Copy the complete listing word for word, but do not carry over any images.
☆ ☆ ☆ ☆
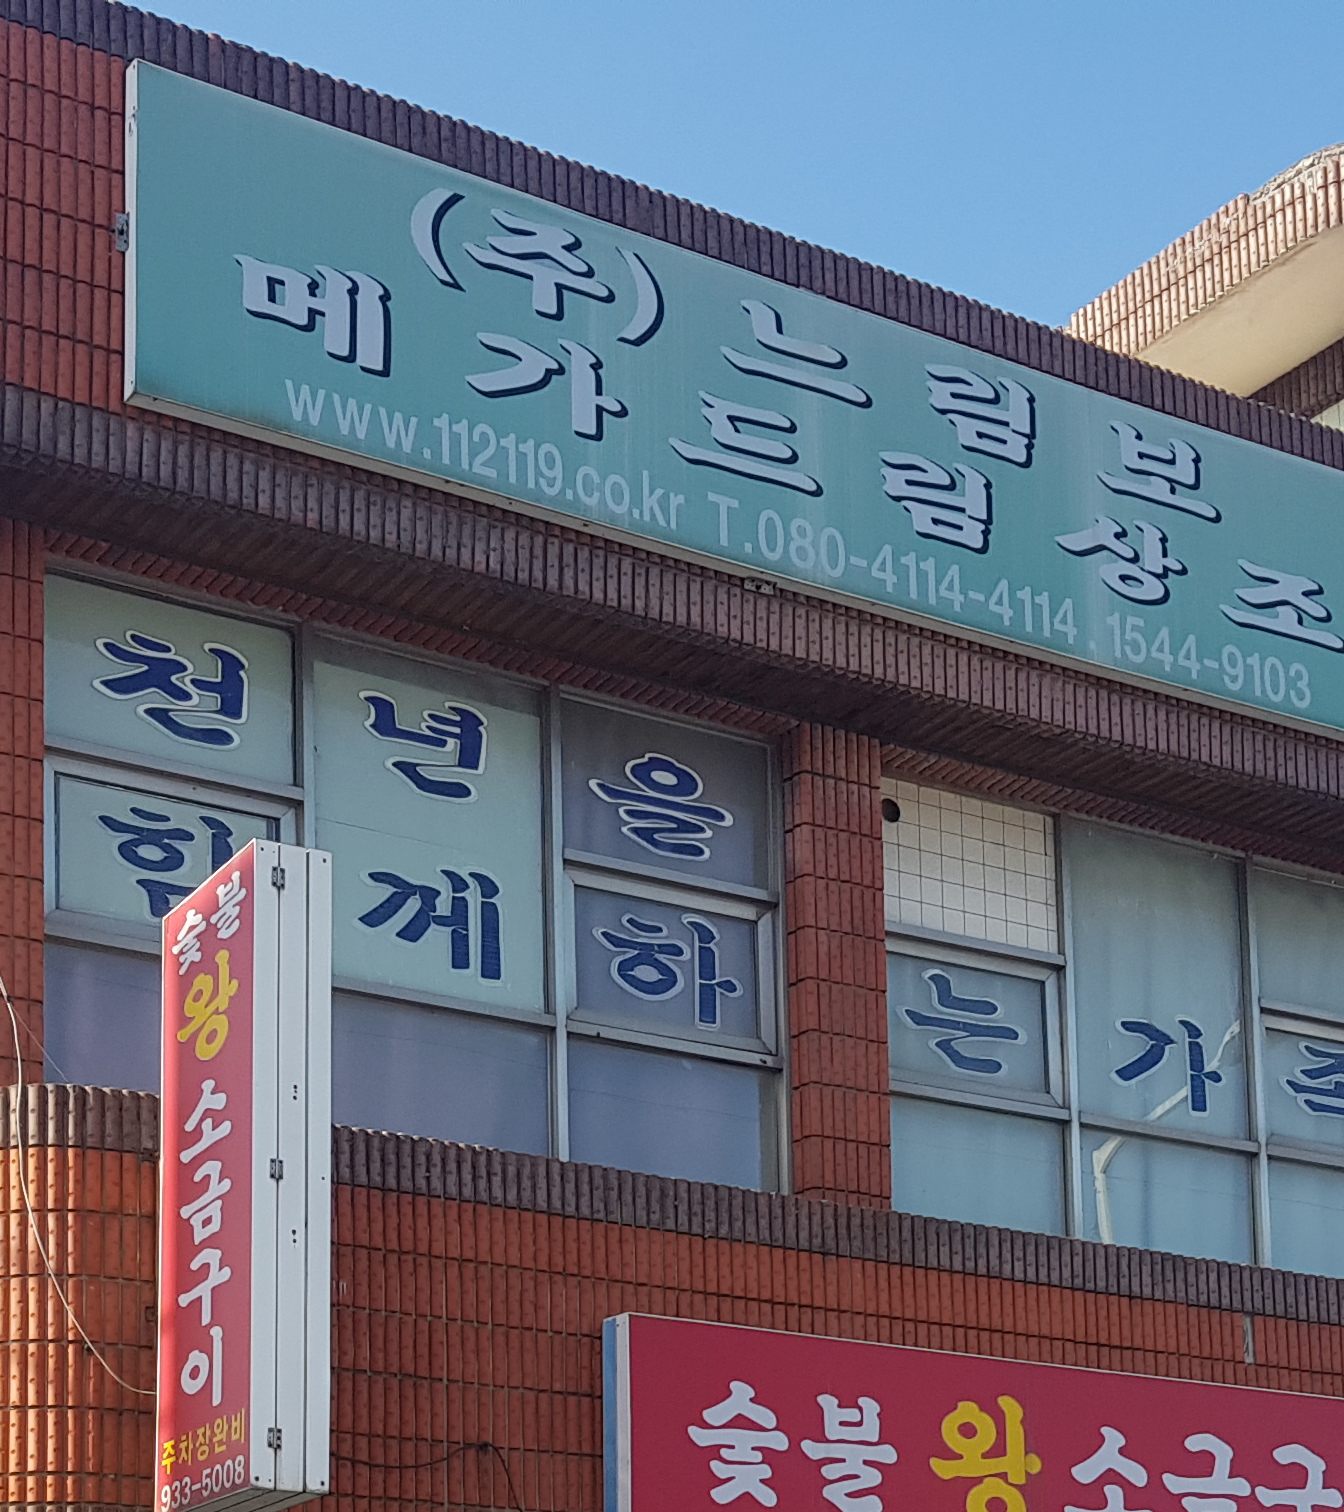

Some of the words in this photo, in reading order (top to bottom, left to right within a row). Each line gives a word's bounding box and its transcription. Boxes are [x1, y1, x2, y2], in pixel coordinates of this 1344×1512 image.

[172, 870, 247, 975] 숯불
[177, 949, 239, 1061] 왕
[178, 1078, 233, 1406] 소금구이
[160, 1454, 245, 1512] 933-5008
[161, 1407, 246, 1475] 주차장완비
☆ ☆ ☆ ☆
#### Written answer:
Some of the words in this photo, in reading order (top to bottom, left to right within a row). Each line gives a word's bounding box and its transcription. Boxes are [x1, y1, x2, y2], in pixel coordinates of this 1344×1512 image.

[172, 870, 247, 975] 숯불
[177, 949, 239, 1061] 왕
[178, 1078, 233, 1406] 소금구이
[160, 1454, 245, 1512] 933-5008
[161, 1407, 246, 1475] 주차장완비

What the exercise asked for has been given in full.